True, but, to me, that sounds like the comments by people who are trying to dismiss the accomplishments of formally-proven microkernels by implying that formal proofs are worthless as long as the code is running on hardware capable of real-world flaws.
I'm a life-long GCed-language user who only considers Rust a viable option so long as my productivity is preserved and I don't have to stress out over my "the only thing I know is how little I know" relationship with C and C++.
If you were to successfully convince me to not use rust-cpython, it wouldn't prompt me to write my own FFI code, it'd either prompt me to port everything back to pure Python or drive me to the next option which provides a similarly high-level API and ability to let me shirk responsibility for memory safety... which would probably be the Python frontend launching a Rust subprocess and controlling it via either D-Bus or JSON-RPC.

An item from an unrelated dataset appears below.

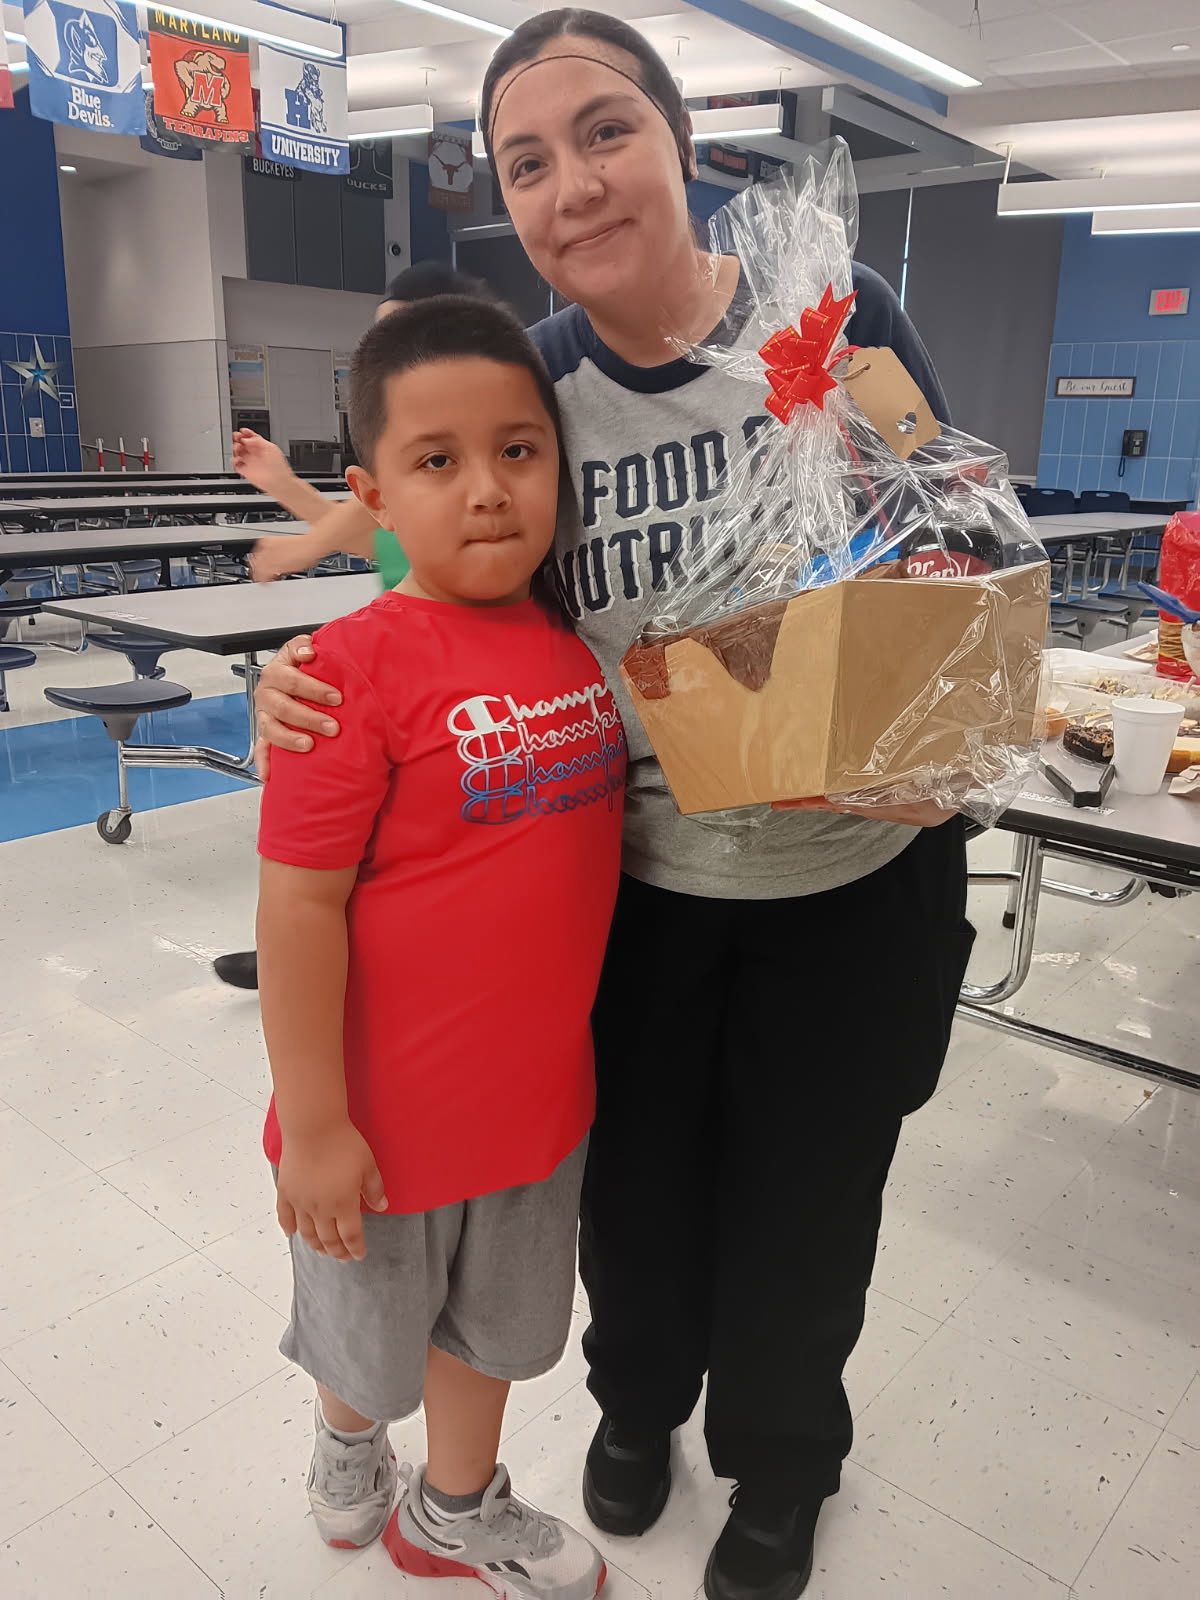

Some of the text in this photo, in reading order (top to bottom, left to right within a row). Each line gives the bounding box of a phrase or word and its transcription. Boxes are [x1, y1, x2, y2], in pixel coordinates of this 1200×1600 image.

Even if I trusted myself to write unsafe code, which I don't except for the most trivial of things, I've only written one unsafe block across all my projects, consisting of unsafe { access(cstr.as_ptr(), mode) == 0 } as a replacement for Python's os.access.
I spent over an hour auditing it, and it still makes me feel nervous whenever I look at it because I know that I saw a post on /r/rust about how there are ways you can write the preceding CString::new(abs_path.as_os_str().as_bytes()) conversion which will compile without maximum-warn Clippy complaining, but present a use-after-free bug.